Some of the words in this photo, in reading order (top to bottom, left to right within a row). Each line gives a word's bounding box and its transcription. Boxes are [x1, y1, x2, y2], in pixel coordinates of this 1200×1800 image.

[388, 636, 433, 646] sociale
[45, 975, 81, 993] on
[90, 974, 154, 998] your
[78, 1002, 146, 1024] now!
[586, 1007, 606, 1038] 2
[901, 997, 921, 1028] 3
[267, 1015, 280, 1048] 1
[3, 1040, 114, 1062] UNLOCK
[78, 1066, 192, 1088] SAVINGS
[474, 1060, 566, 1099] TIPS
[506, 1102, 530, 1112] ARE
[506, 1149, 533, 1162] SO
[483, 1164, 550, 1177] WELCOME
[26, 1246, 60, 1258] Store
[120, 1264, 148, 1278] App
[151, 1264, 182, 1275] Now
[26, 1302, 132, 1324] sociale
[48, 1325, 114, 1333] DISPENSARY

================================

→ Exercise objective:
Set down the records above once more, exactly as they stand.

→ The answer:
Some of the words in this photo, in reading order (top to bottom, left to right within a row). Each line gives a word's bounding box and its transcription. Boxes are [x1, y1, x2, y2], in pixel coordinates of this 1200×1800 image.

[388, 636, 433, 646] sociale
[45, 975, 81, 993] on
[90, 974, 154, 998] your
[78, 1002, 146, 1024] now!
[586, 1007, 606, 1038] 2
[901, 997, 921, 1028] 3
[267, 1015, 280, 1048] 1
[3, 1040, 114, 1062] UNLOCK
[78, 1066, 192, 1088] SAVINGS
[474, 1060, 566, 1099] TIPS
[506, 1102, 530, 1112] ARE
[506, 1149, 533, 1162] SO
[483, 1164, 550, 1177] WELCOME
[26, 1246, 60, 1258] Store
[120, 1264, 148, 1278] App
[151, 1264, 182, 1275] Now
[26, 1302, 132, 1324] sociale
[48, 1325, 114, 1333] DISPENSARY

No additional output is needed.